The full set of entries has to be output exactly.

*** MATERIAL PROVIDED ***

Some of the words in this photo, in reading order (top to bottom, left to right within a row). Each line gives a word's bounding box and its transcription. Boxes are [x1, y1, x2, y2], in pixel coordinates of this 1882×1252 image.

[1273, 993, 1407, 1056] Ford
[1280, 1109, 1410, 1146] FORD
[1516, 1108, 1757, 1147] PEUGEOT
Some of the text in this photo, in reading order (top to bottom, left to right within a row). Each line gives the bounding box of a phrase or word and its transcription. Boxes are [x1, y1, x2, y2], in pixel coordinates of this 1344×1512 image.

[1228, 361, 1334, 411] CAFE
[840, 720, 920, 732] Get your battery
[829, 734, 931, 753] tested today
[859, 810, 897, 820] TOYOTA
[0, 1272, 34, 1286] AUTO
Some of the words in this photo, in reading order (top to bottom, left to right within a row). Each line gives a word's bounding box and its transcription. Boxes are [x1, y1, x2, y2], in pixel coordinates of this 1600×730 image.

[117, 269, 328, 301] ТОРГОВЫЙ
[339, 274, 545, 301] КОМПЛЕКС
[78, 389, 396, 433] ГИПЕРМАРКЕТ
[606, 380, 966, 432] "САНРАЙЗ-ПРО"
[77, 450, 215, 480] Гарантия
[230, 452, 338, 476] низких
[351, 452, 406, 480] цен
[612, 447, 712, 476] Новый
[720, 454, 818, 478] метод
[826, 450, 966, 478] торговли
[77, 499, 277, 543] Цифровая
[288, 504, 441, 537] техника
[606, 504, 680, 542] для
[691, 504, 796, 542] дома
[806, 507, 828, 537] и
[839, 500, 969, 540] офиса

***

#### EXERCISE ANSWER
Some of the words in this photo, in reading order (top to bottom, left to right within a row). Each line gives a word's bounding box and its transcription. Boxes are [x1, y1, x2, y2], in pixel coordinates of this 1882×1252 image.

[1273, 993, 1407, 1056] Ford
[1280, 1109, 1410, 1146] FORD
[1516, 1108, 1757, 1147] PEUGEOT
Some of the text in this photo, in reading order (top to bottom, left to right within a row). Each line gives the bounding box of a phrase or word and its transcription. Boxes are [x1, y1, x2, y2], in pixel coordinates of this 1344×1512 image.

[1228, 361, 1334, 411] CAFE
[840, 720, 920, 732] Get your battery
[829, 734, 931, 753] tested today
[859, 810, 897, 820] TOYOTA
[0, 1272, 34, 1286] AUTO
Some of the words in this photo, in reading order (top to bottom, left to right within a row). Each line gives a word's bounding box and its transcription. Boxes are [x1, y1, x2, y2], in pixel coordinates of this 1600×730 image.

[117, 269, 328, 301] ТОРГОВЫЙ
[339, 274, 545, 301] КОМПЛЕКС
[78, 389, 396, 433] ГИПЕРМАРКЕТ
[606, 380, 966, 432] "САНРАЙЗ-ПРО"
[77, 450, 215, 480] Гарантия
[230, 452, 338, 476] низких
[351, 452, 406, 480] цен
[612, 447, 712, 476] Новый
[720, 454, 818, 478] метод
[826, 450, 966, 478] торговли
[77, 499, 277, 543] Цифровая
[288, 504, 441, 537] техника
[606, 504, 680, 542] для
[691, 504, 796, 542] дома
[806, 507, 828, 537] и
[839, 500, 969, 540] офиса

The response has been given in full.